== LISTED ENTRIES ==

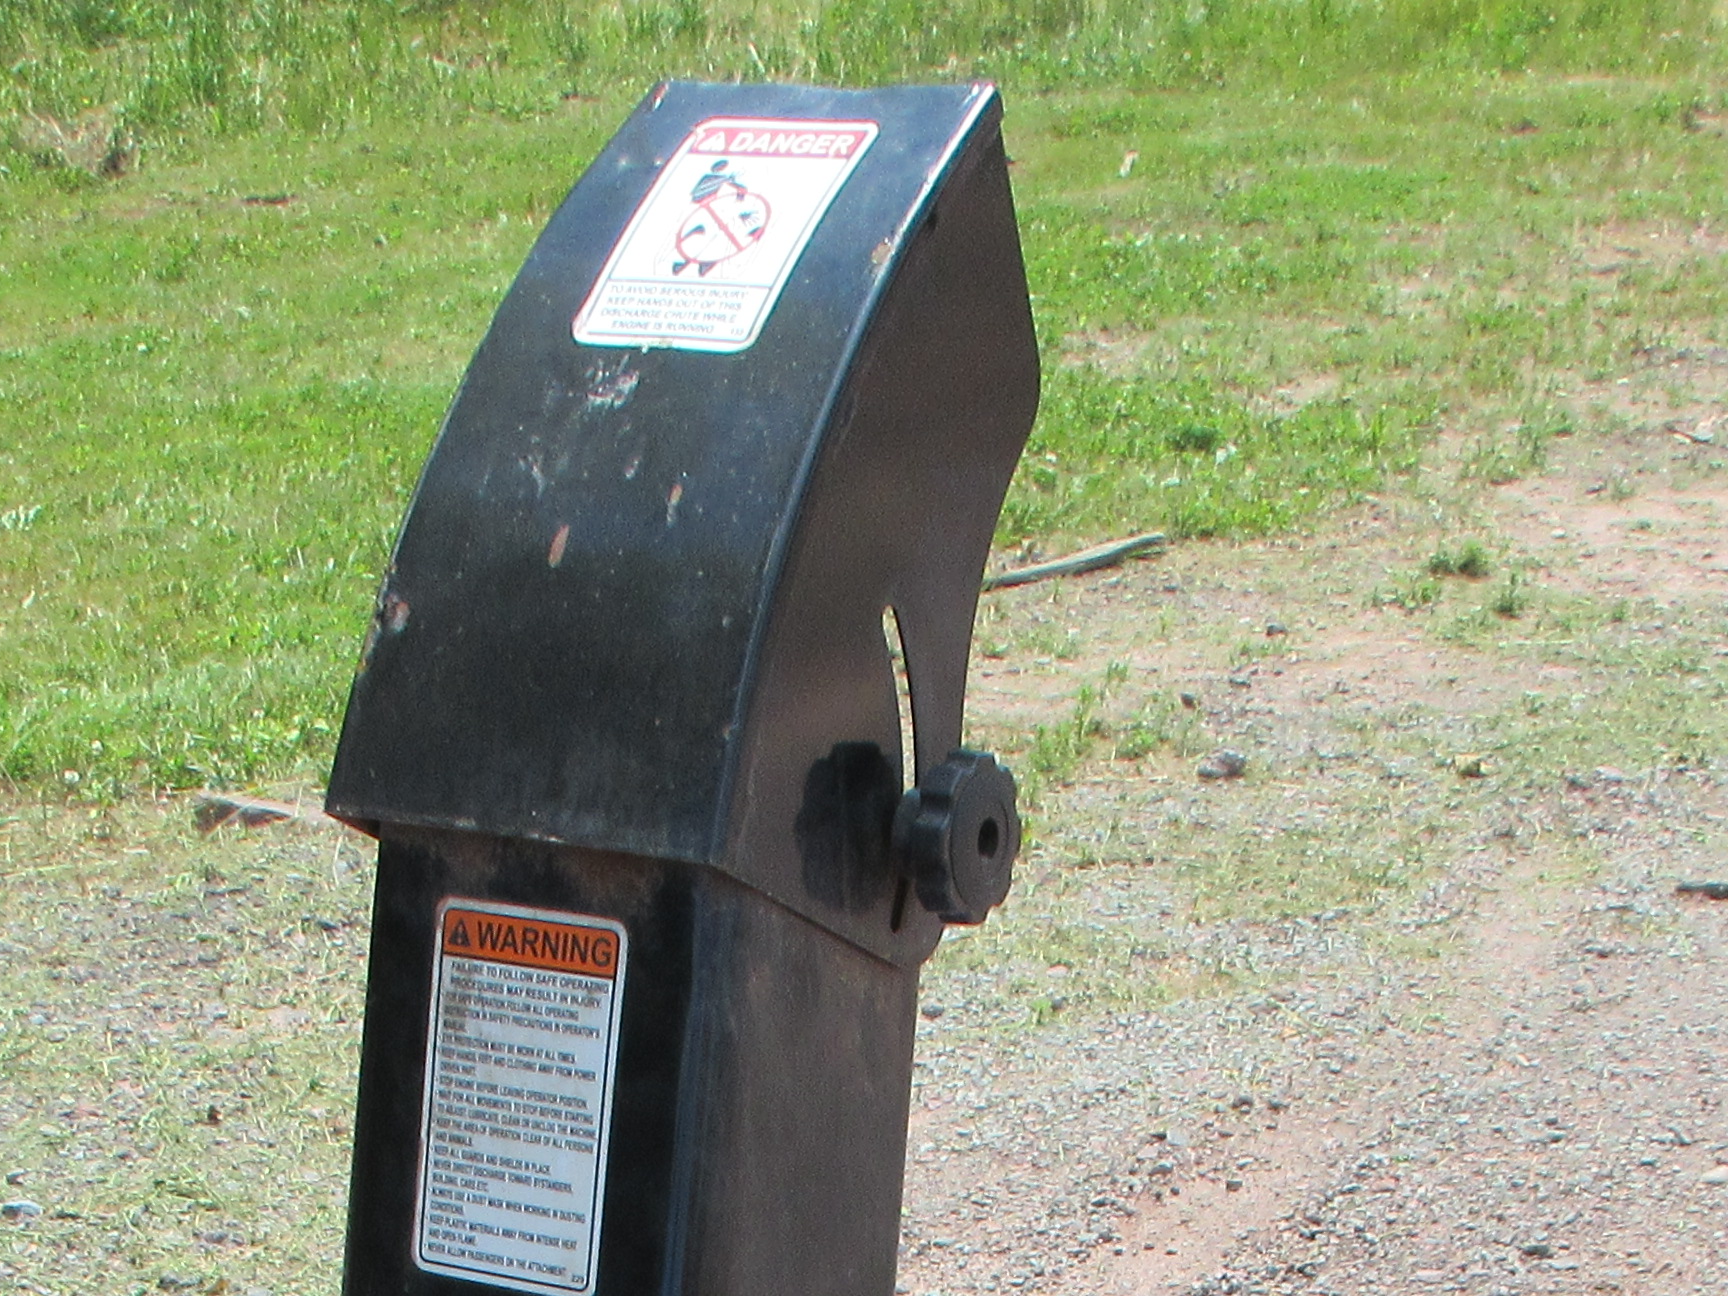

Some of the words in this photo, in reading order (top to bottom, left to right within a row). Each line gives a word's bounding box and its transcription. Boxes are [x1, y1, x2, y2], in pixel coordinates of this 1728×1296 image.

[730, 131, 857, 156] DANGER
[607, 297, 636, 305] KEEP
[676, 299, 698, 308] OUT
[664, 311, 699, 319] CHUTE
[477, 920, 612, 967] WARNING

===

Every line of the data should be transcribed exactly. Omit the images.

Some of the words in this photo, in reading order (top to bottom, left to right within a row). Each line gives a word's bounding box and its transcription. Boxes are [x1, y1, x2, y2], in pixel coordinates of this 1728×1296 image.

[730, 131, 857, 156] DANGER
[607, 297, 636, 305] KEEP
[676, 299, 698, 308] OUT
[664, 311, 699, 319] CHUTE
[477, 920, 612, 967] WARNING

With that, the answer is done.